Их пепел и стал подлинным его дневником.
СТРАНИЦЫ, ПРИНАДЛЕЖАЩИЕ ТЕКУЩИМ ДНЯМ НЕДЕЛИ
После неудавшегося юбилея Кондратов отлучил себя от дома.
«Нет ничего банальнее бунта против отца», — думал он, и его губы, как тучи, нависали над подбородком. Адам пропадал где-то целыми днями, с отцом его разделяла пропасть, и Анастасия, не успевавшая сушить мокрые от слёз подушки, разрывалась, как паром между речными берегами.
Она осунулась, постарела и не видела себя счастливой даже во сне.

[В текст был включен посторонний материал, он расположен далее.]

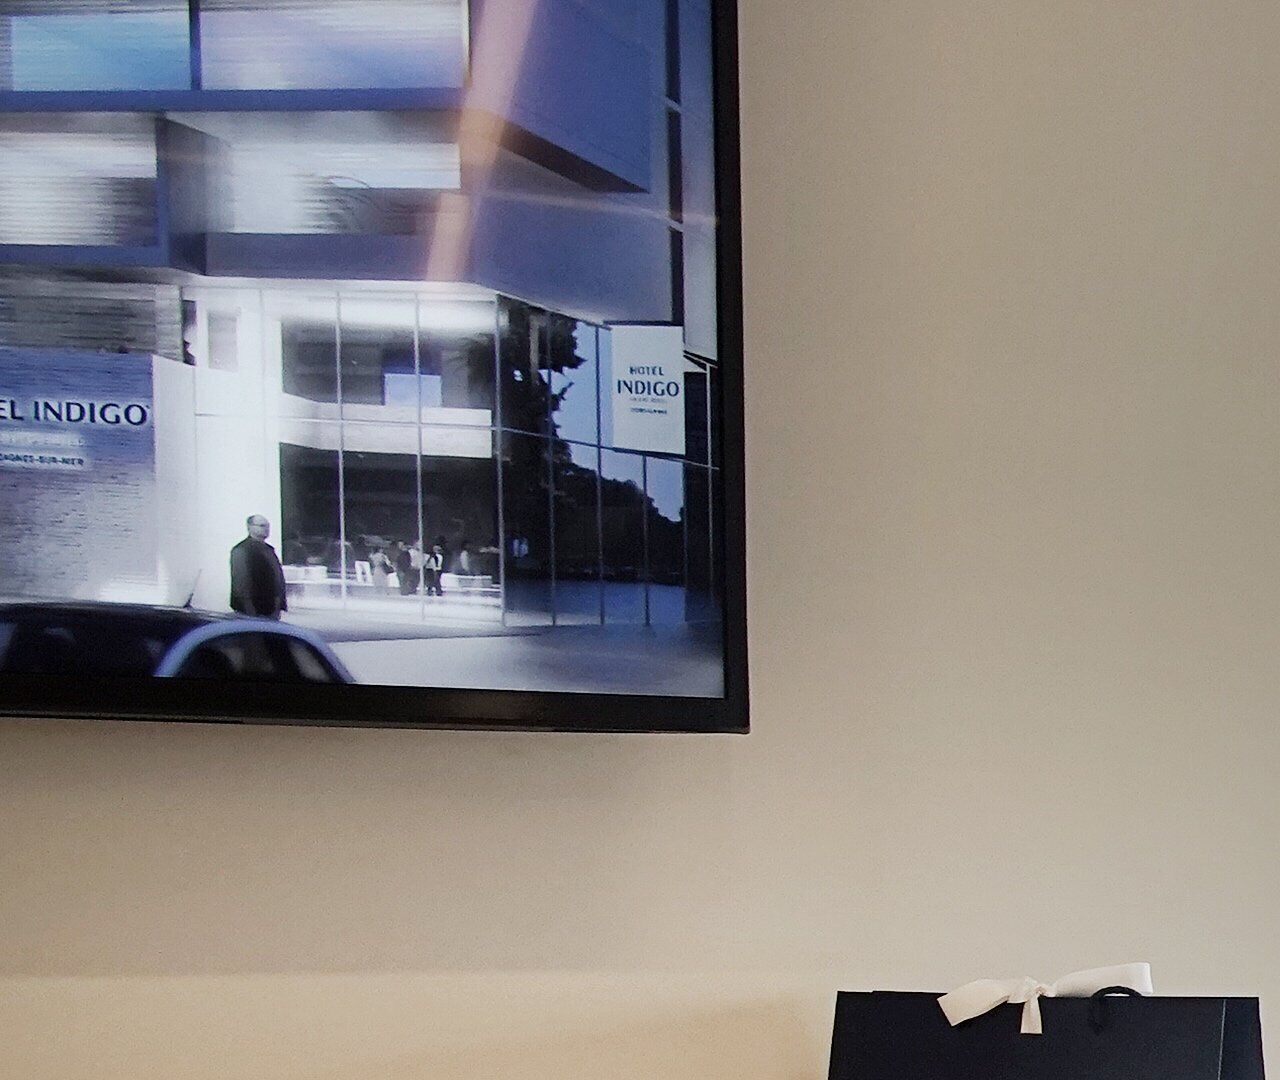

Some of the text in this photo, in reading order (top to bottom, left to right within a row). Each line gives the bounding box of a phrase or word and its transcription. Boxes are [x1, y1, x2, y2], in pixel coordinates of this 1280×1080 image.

[628, 366, 665, 376] HOTEL
[617, 380, 680, 397] INDIGO
[33, 400, 148, 426] INDIGO

А Кондратов уже раскаивался, чувствуя вину, как чужой пот. Накрывшись толстенным «Собранием ересей», он лежал с ладонями под затылком, и сознание дурного отцовства угнетало его, как могильная плита. А чуть раньше он прочитал
ИСТОРИЮ О МОТИВАХ ИСКУПЛЕНИЯВ пятом веке нашей религии в деревнях Малой Азии проповедовал Клемент Сириец, которого одни считали пророком, а другие — болтуном. Клемент был горбат, одноглаз и имел язык такой длинный, что мог волочить по земле. Согнувшись в три погибели, он натягивал посохом дороги, которые стрелами упирались в лук горизонта, и отбрасывал две тени — одну за спину, а другую под ноги — чтобы указывала путь. Упражняясь в красноречии, он говорил сам с собой, так что его распухший язык покрывался мозолями.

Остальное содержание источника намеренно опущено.